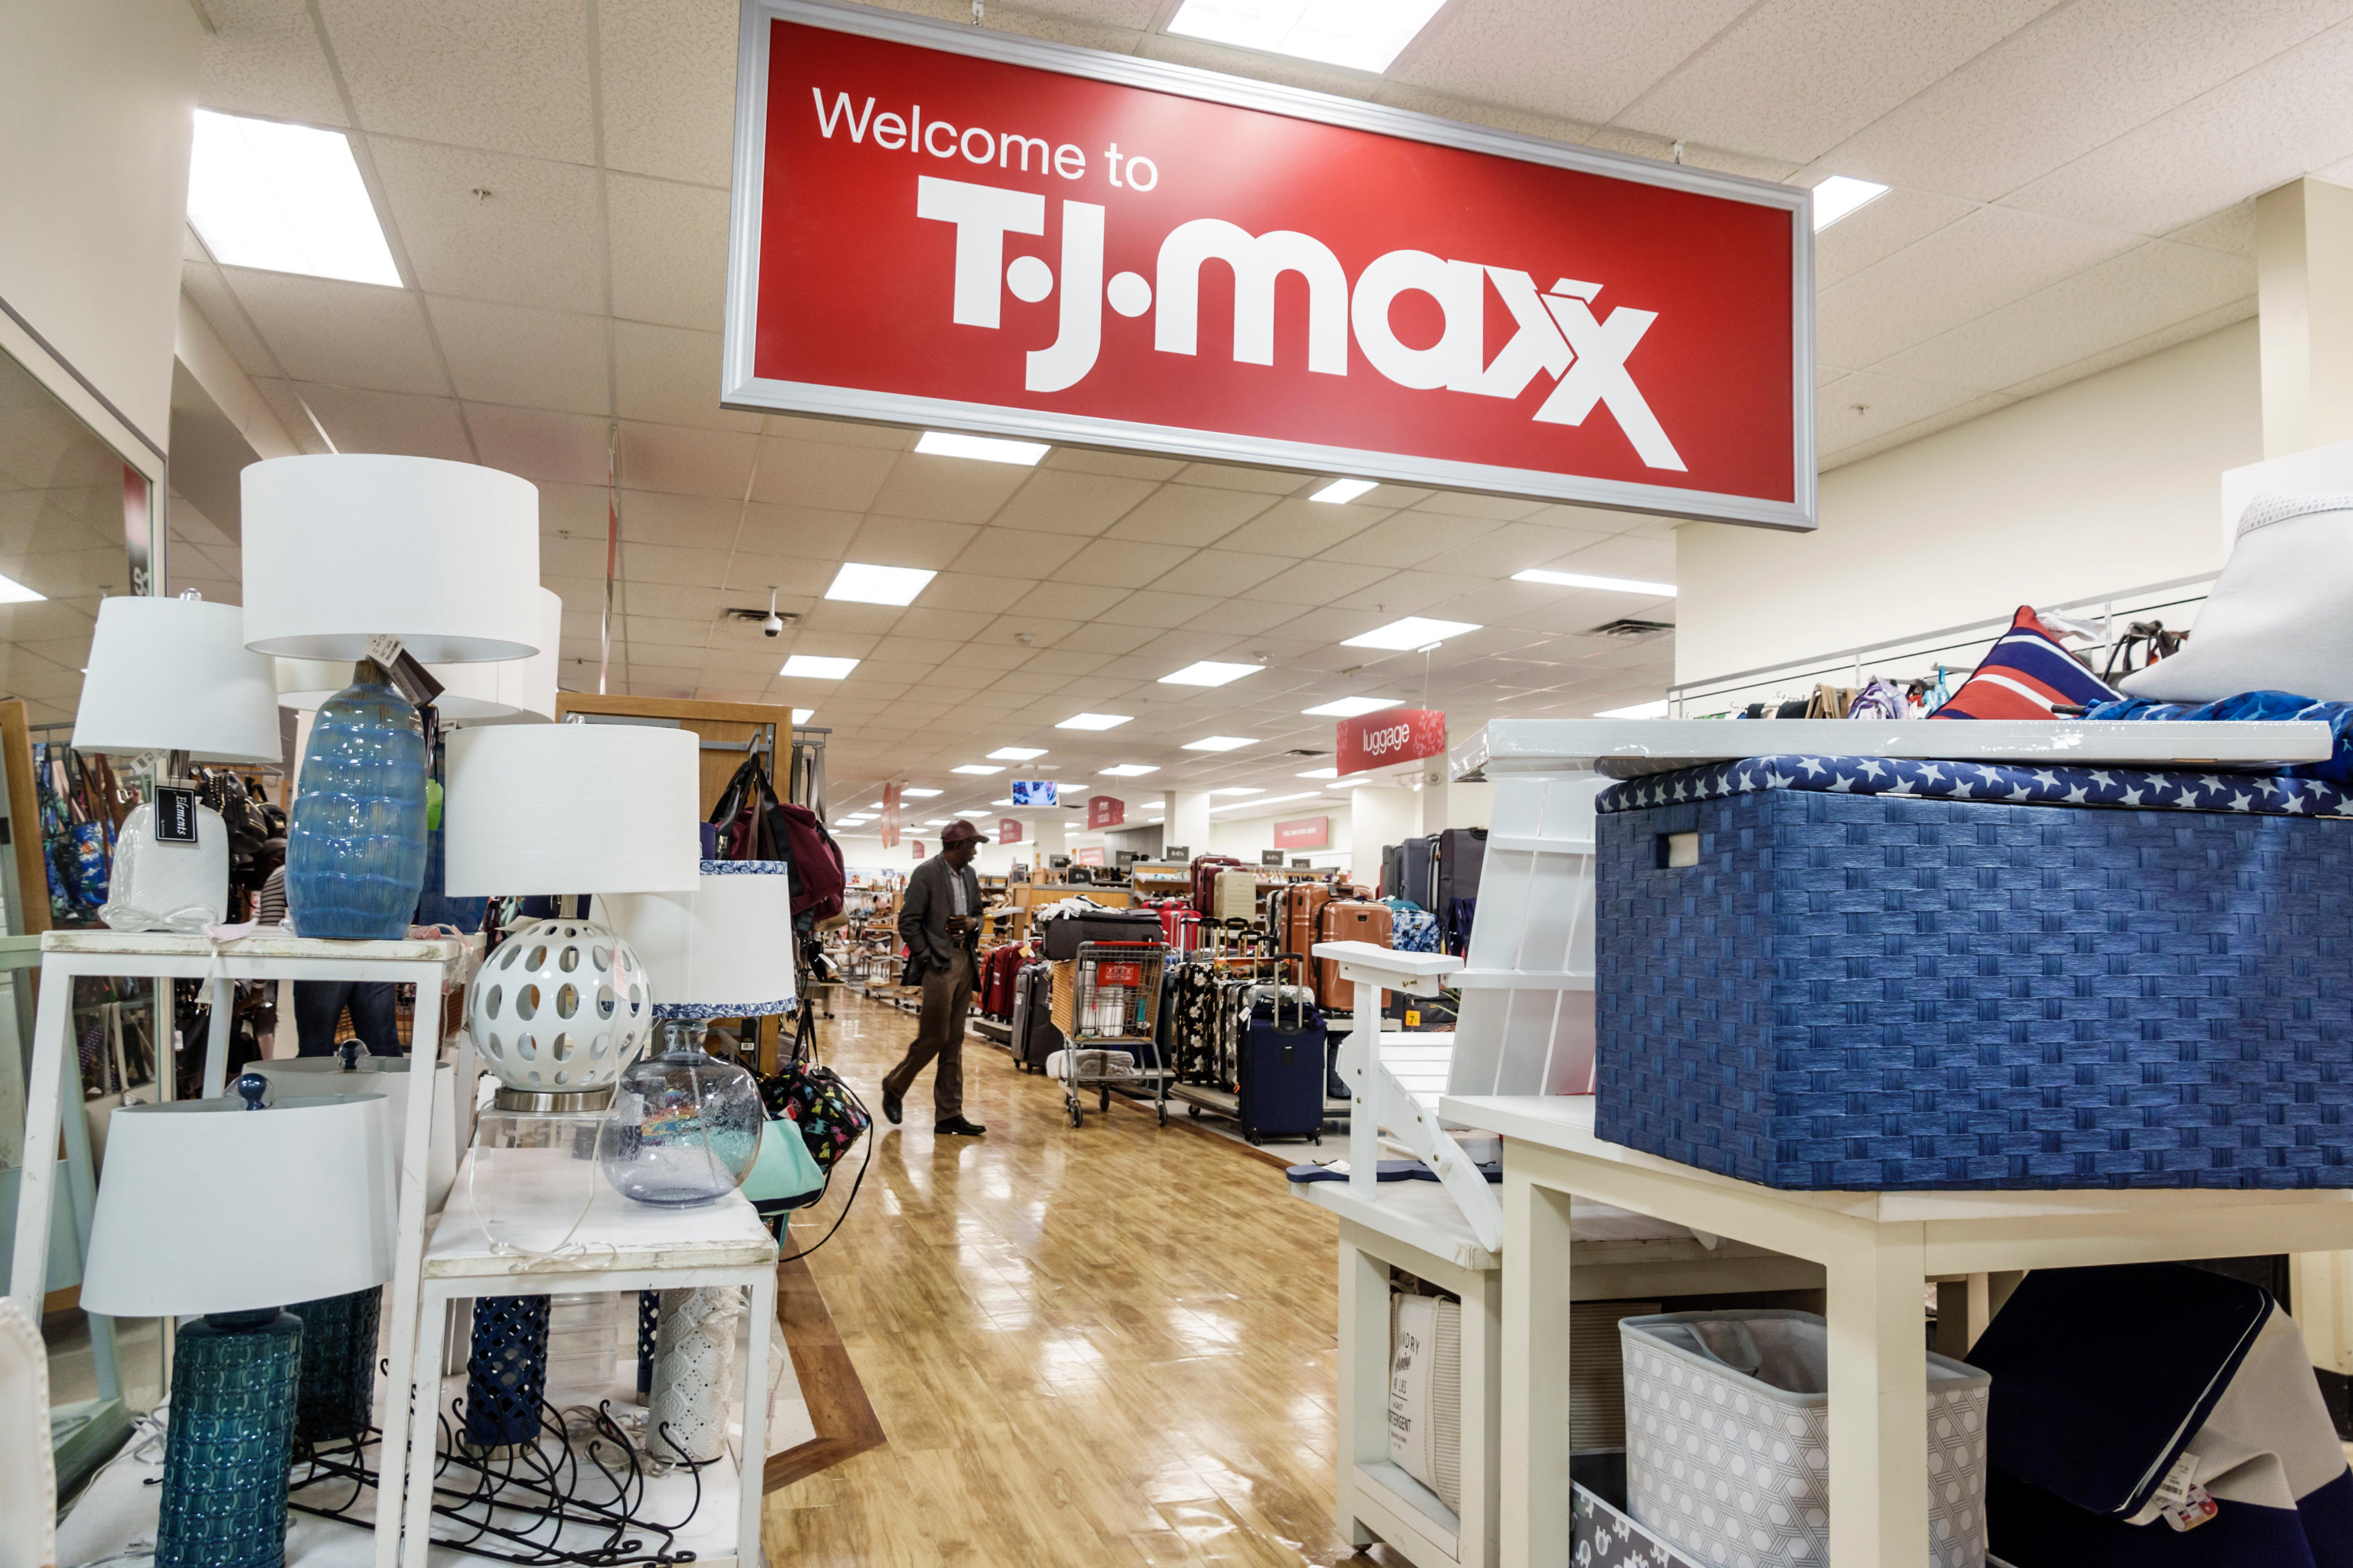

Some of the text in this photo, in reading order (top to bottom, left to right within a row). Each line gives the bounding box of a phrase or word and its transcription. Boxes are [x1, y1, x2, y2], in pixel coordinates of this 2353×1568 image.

[812, 87, 1159, 192] Welcome to
[1363, 723, 1410, 756] luggage
[176, 795, 189, 836] Elements
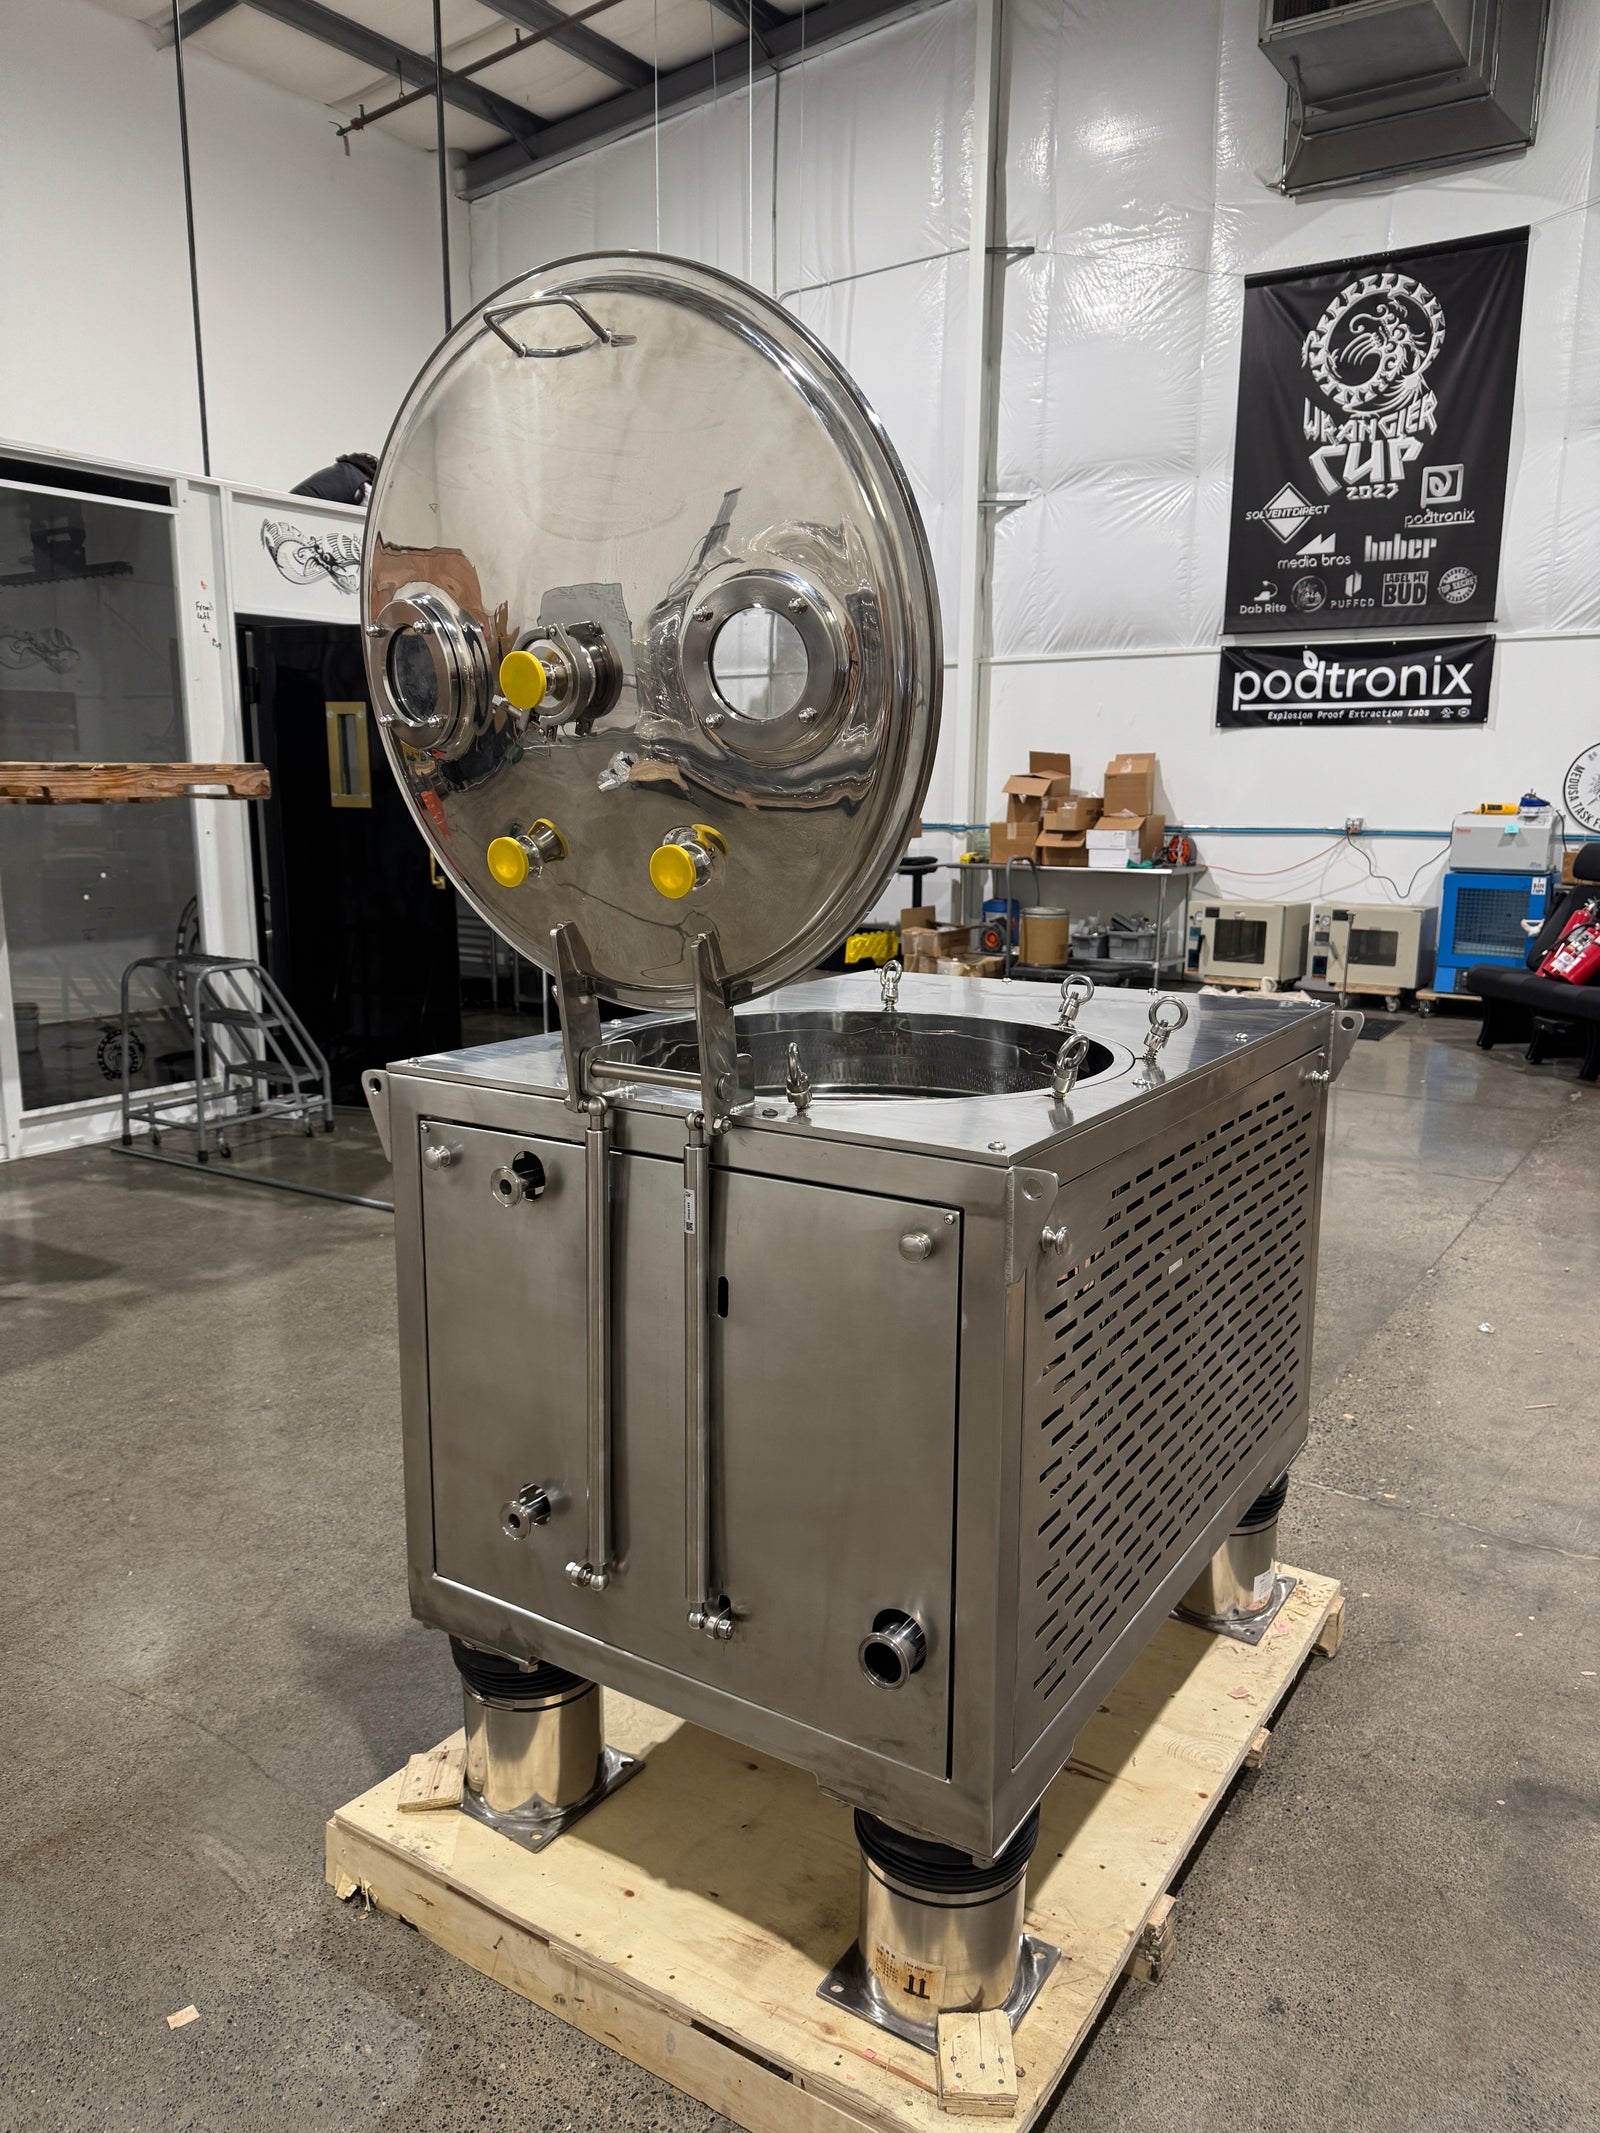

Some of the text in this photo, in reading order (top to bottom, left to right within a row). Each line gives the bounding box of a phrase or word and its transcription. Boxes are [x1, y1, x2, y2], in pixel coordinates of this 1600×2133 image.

Task brief:
Retype the data above verbatim, minus images.

Exercise answer:
Some of the text in this photo, in reading order (top to bottom, left to right within a row). Each line gives the bounding box of a phrase or word and its transcription. Boxes are [x1, y1, x2, y2], in pixel coordinates of this 2353×1568 image.

[812, 87, 1159, 192] Welcome to
[1363, 723, 1410, 756] luggage
[176, 795, 189, 836] Elements

Some of the text in this photo, in reading order (top to bottom, left to right within a row). Each line gives the bounding box of a phrase or word and its transcription. Boxes are [x1, y1, x2, y2], in pixel coordinates of this 1600×2133 image.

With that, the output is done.